Serum samples were obtained from Hôpital Militaire d’Instruction Med V Rabat and stored at −80 °C until use. This study was approved by the Ethics Committee of the Science and Technology Department of Huazhong University of Science and Technology (certificate no. S1029).

2.2. Fabrication and characterization of the nanocup array sensor chip

The nanoplasmonic sensor chip was fabricated using the replica-molding technique with a mold. The original mold comprised a tapered nanopillar array with periodicity, height, and width of the nanocone of 400, 500, and 200 nm, respectively. The UV-curable polymer was evenly spread on the mold and placed on a polyethylene terephthalate sheet to produce the polymeric nanocup array structure, after which 9 nm of titanium and 70 nm of gold were subsequently deposited on the polymeric nanocup array in an electron beam evaporator. The sheet was then cut to 13 cm × 8.5 cm sections and glued to an open-bottom 96-well plate generated using a 3D printer (Objet30 Prime; Stratasys Ltd., Rehovot, Israel).

2.3. Surface functionalization

A seeded growth strategy for the chip surface modification was chosen based on the modified Turkevich/Frens reaction system reported elsewhere (Bundschuh et al., 2020; Bastús et al., 2011; Liu et al., 2012). A series of solutions of 1:1 L-cysteine and chloroauric acid (from 0.1 to 1.0 mM) in deionized water was evaluated. Briefly, 32 μL of L-cysteine and 40 μL of chloroauric acid of the same concentration were sequentially injected into each chip well and incubated for 30 min at room temperature. After cleaning the chip twice with deionized water, 50 μL of 8.0 μg/mL anti-human IgG in carbonate buffer solution (CBS, 1 × ) was added into the chip wells and incubated at 37 °C for 2 h. The chip wells were then rinsed twice with deionized water and blocked with 100 μL of 1% BSA in PBS for 30 min at 37 °C. Following the cleaning steps, the surface modified chip plate was stored at 4 °C until further use.

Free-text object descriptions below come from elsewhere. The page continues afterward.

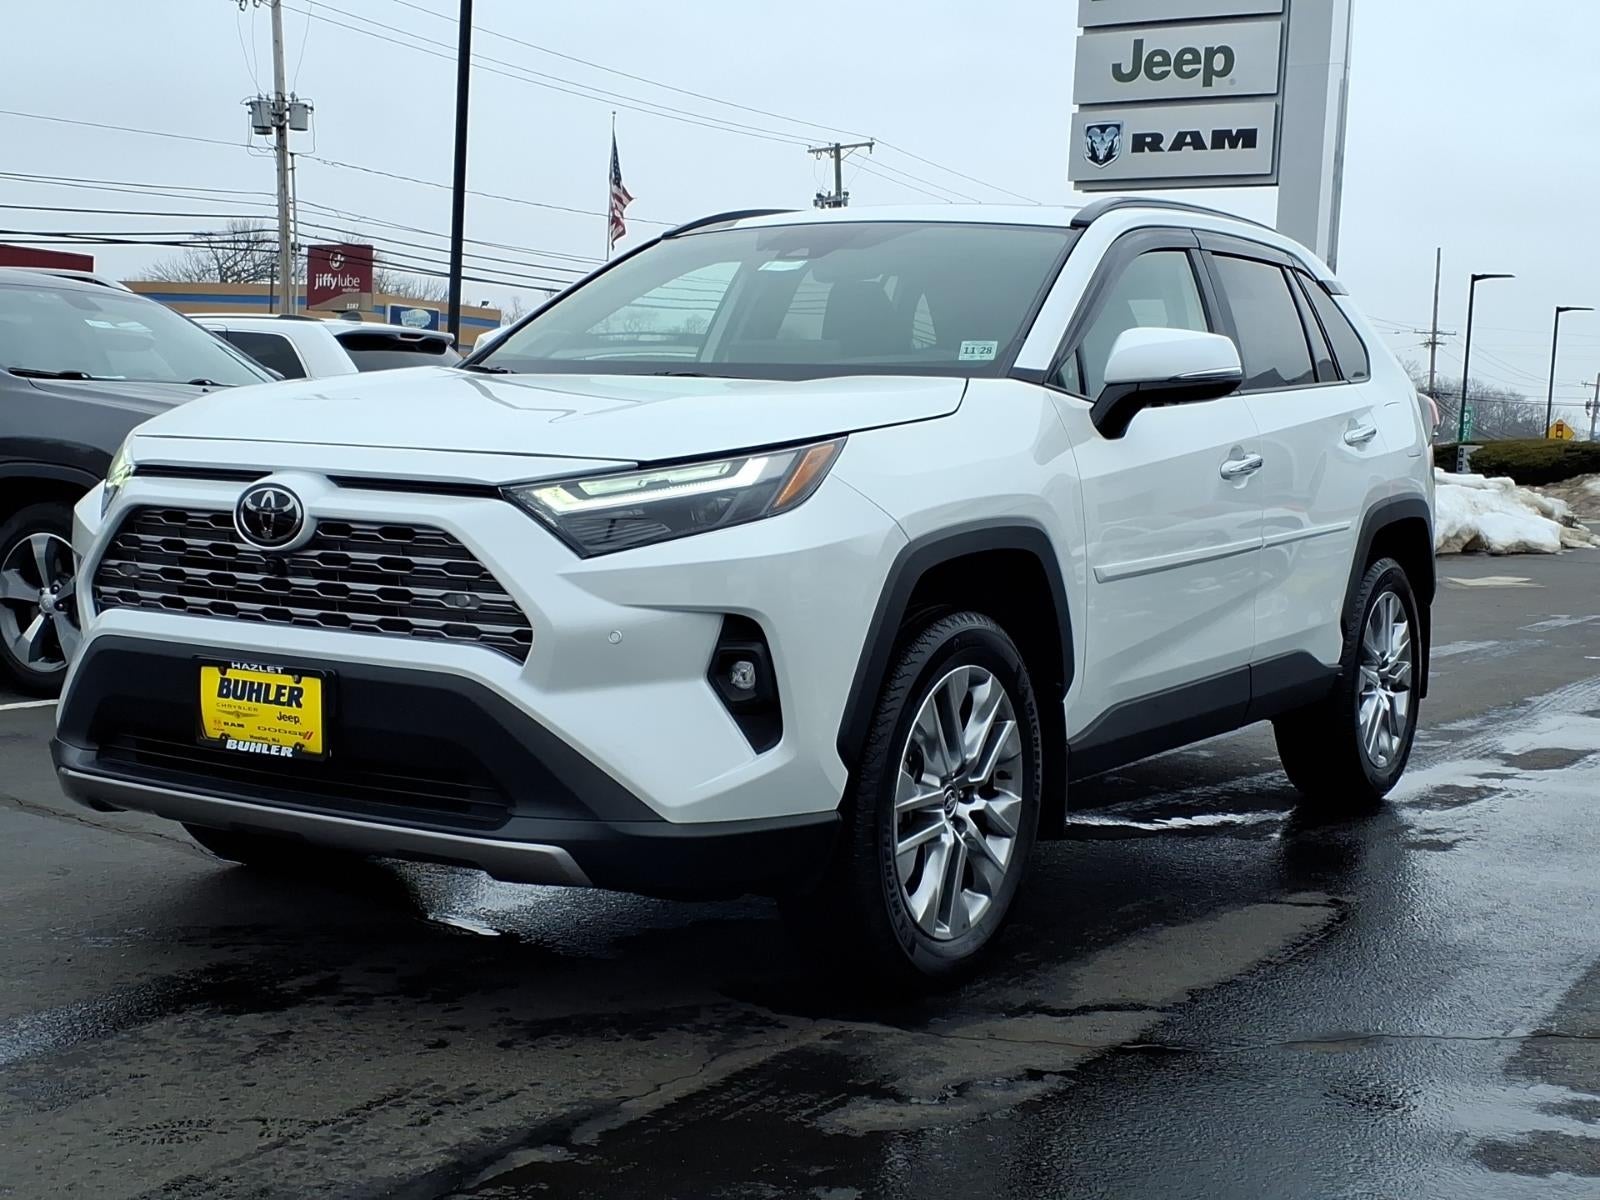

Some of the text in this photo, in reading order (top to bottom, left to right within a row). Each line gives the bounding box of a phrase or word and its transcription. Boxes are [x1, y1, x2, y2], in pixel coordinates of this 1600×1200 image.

[1111, 38, 1235, 88] Jeep
[1131, 128, 1258, 154] RAM
[231, 662, 284, 674] HAZLET
[217, 677, 304, 709] BUHLER
[216, 702, 259, 712] CHRYSLER
[223, 721, 245, 729] RAM
[226, 739, 293, 757] BUHLER
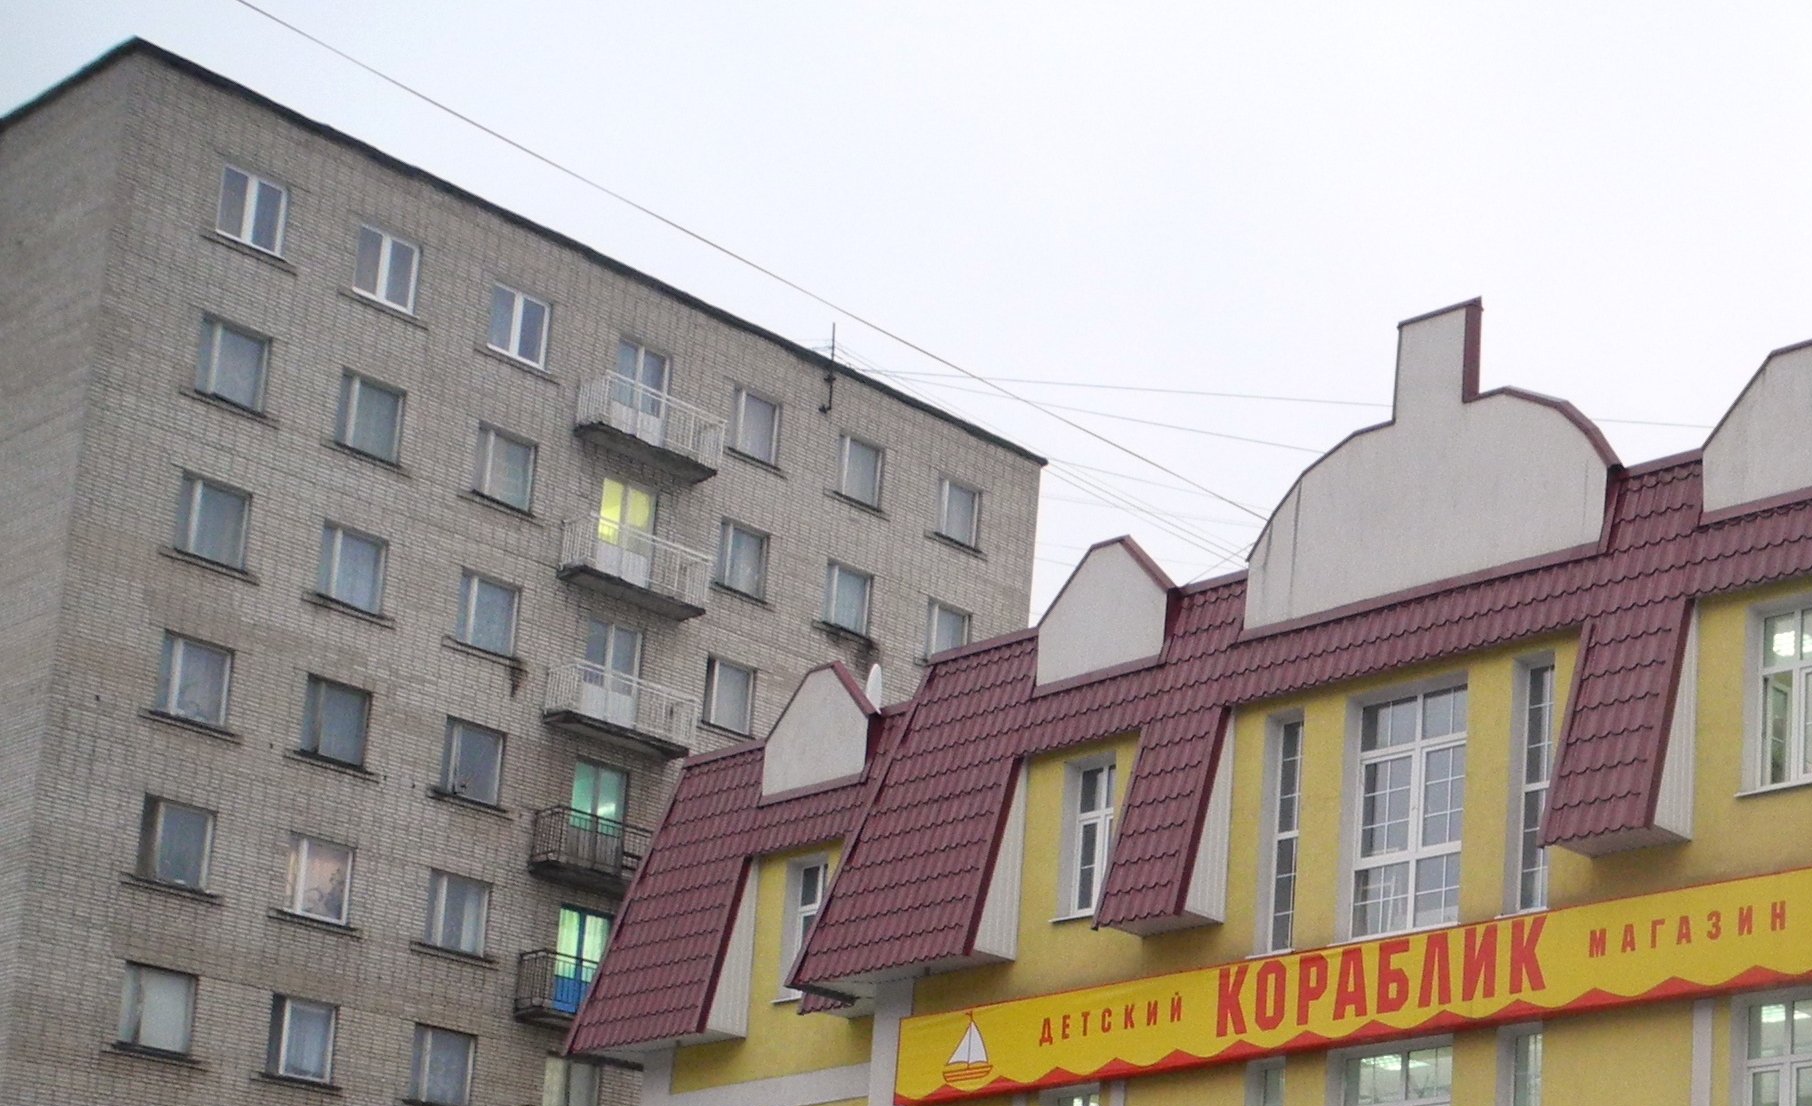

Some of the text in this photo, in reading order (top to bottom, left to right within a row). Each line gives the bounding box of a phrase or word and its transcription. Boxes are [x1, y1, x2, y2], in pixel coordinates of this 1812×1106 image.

[1039, 900, 1787, 1046] ДЕТСКИЙ КОРАБЛИК МАГАЗИН

2.4. Preparation of GNPs and GNP-Labeled S-RBD protein

Colloidal GNPs were prepared using a sodium citrate-reduction method (Philip, 2008; Wang et al., 2014). Briefly, 300 mL of 1 mM HAuCl4 was heated to boiling. We then added 15 mL of 75 mM citrate, which resulted in a dark red solution, and continued the boiling process for another 15 min, followed by cooling to room temperature.

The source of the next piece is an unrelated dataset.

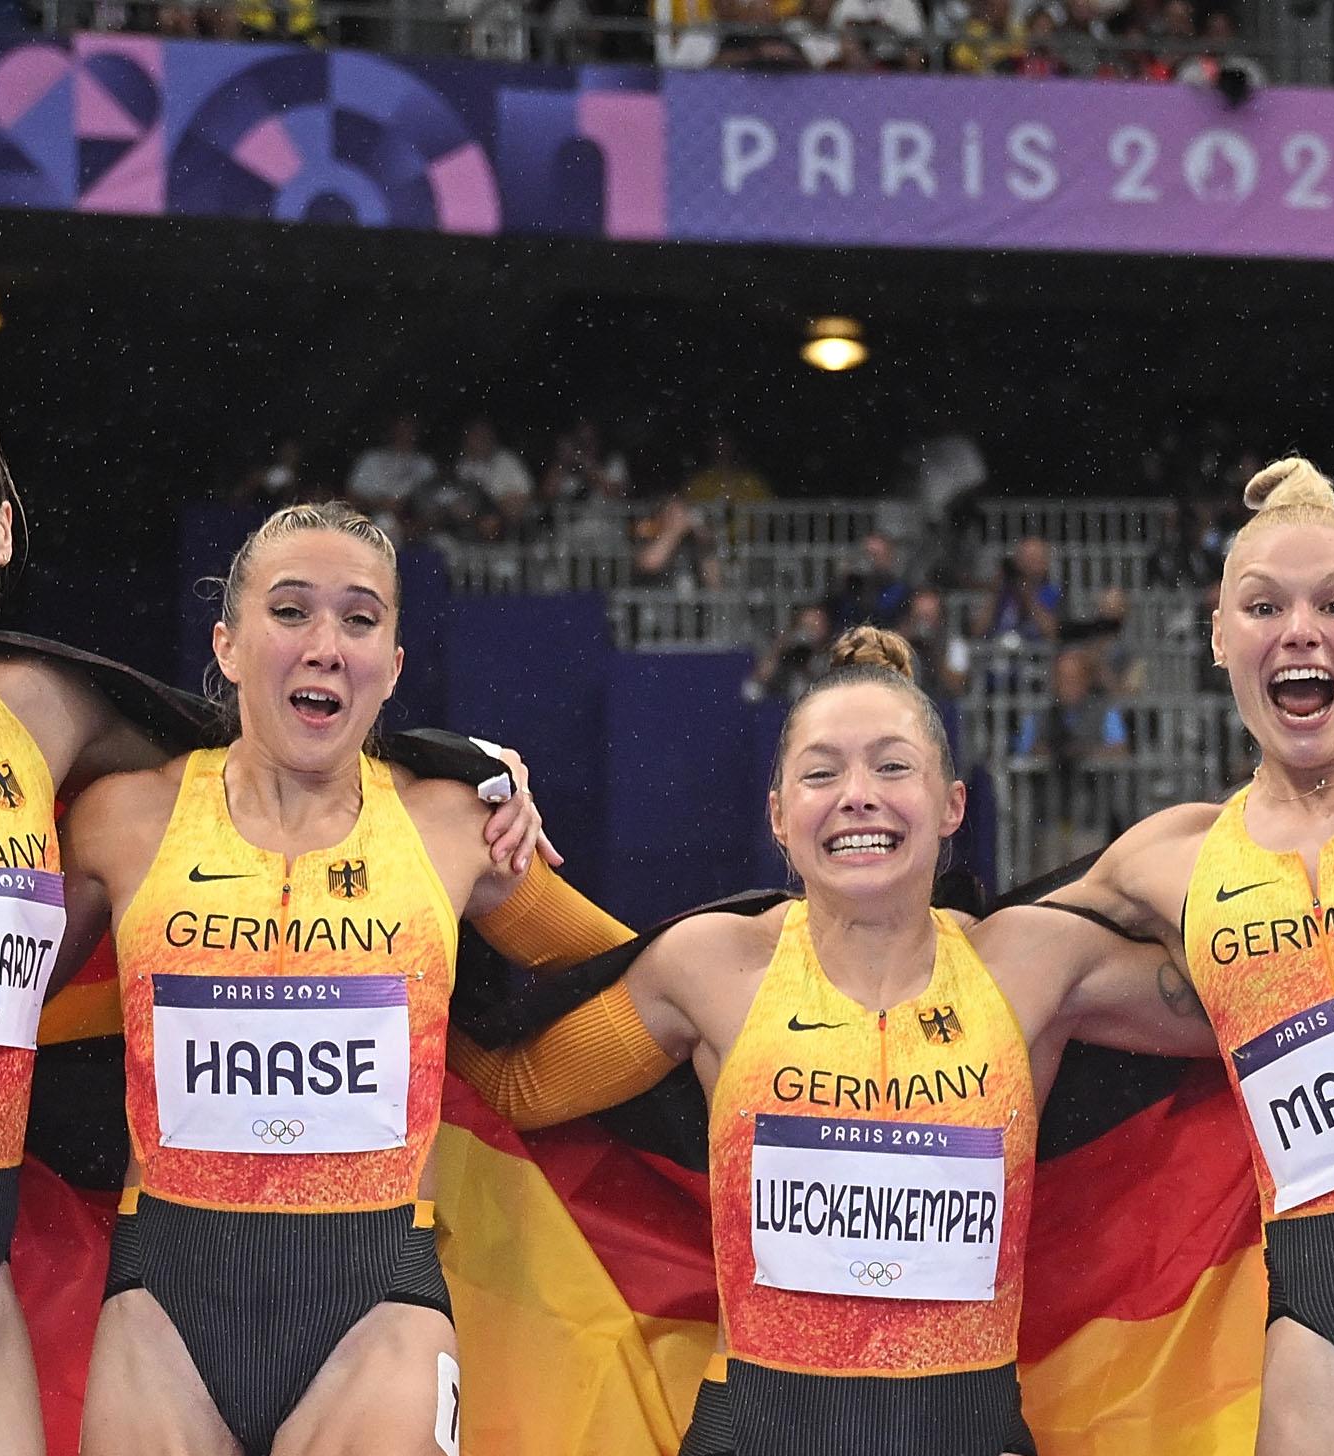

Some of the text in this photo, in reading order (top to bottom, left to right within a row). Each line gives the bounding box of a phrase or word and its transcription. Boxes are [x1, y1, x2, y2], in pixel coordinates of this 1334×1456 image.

The labeling procedure for the S-RBD protein coupled to colloidal GNPs has been described previously (Huang et al., 2021). First, 1.5 mL of the colloidal GNP solution was adjusted to pH 7.4 using 0.1 M K2CO3 solution, after which 4.9 μL of 0.93 mg/mL S-RBD protein solution in PBS was added to the colloidal GNP solution and incubated for 15 min. After blocking with 22.5 μL of the blocking solution (10 mM PBS) containing PEG 2 W (10%, w/v) for 15 min, the colloidal GNP suspension was centrifuged at 7500 rpm for 22 min. The precipitate of the GNP-labeled S-RBD protein was resuspended in 530 μL of stabilizing buffer [20 mM Tris (pH 9.2), 0.3% sucrose, and 0.05% PEG 20000] and stored at 4 °C until use.

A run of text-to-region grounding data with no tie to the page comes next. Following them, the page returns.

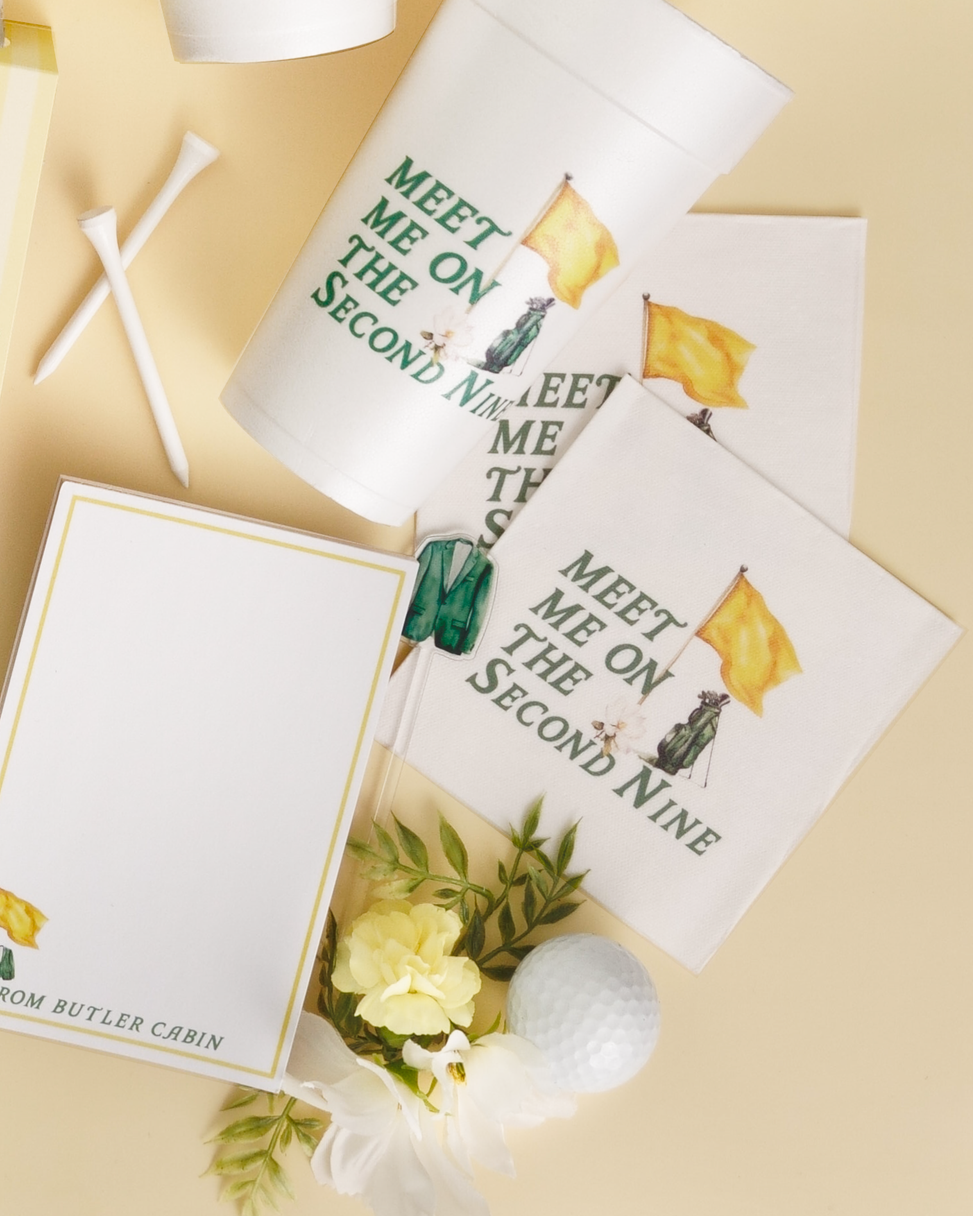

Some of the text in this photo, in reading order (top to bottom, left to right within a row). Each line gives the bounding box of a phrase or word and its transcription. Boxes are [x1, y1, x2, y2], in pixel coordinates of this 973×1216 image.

[384, 155, 513, 251] MEET
[338, 234, 419, 307] THE
[361, 196, 502, 307] ME ON
[310, 270, 445, 386] SECOND
[487, 419, 565, 456] ME
[486, 466, 553, 503] TH
[529, 587, 676, 696] ME ON
[558, 549, 688, 642] MEET
[500, 623, 593, 696] THE
[465, 657, 722, 856] SECOND NINE
[51, 998, 144, 1033] BUTLER
[151, 1022, 225, 1052] CABIN

2.5. Preparation of NHGNPs and NHGNP-Labeled S-RBD protein

Ultrapure water (300 mL), 0.05 M sodium citrate (6 mL), and 0.4 M CoCl2 solution (300 μL) were consecutively added to a 500-mL round-bottomed flask. After stirring for 10 min in vacuo, 3 mL of 0.13 mM NaBH4 solution in water was added into the flask, followed by stirring for 15 min until the solution darkened. We then added 1.5 mL of 25 mM HAuCl4 solution to the flask and stirred overnight; thereafter, 300 μL of 20% polyvinylpyrrolidone solution was added to the reaction and stirred for 30 min. The final reaction solution was centrifuged for 15 min at 9000 rpm at 4 °C, the supernatant was discarded, and the precipitate was resuspended with ultrapure water and stored at 4 °C until use.

The morphology and size of the synthesized NHGNPs were characterized by transmission electron microscopy (TEM) (HT7700; Hitachi, Tokyo, Japan) using a charge-coupled device camera operated at an accelerating voltage of 100 kV. The NHGNP particle size distribution was determined by dynamic light scattering on a Zetasizer Nano-ZS90 analyzer (Malvern Instruments, Malvern, UK). The absorption spectra of NHGNPs, ranging from 400 to 900 nm, were obtained using a UV–vis spectrophotometer (cat # 8453; Agilent Technologies, Santa Clara, CA, USA) at 25 °C.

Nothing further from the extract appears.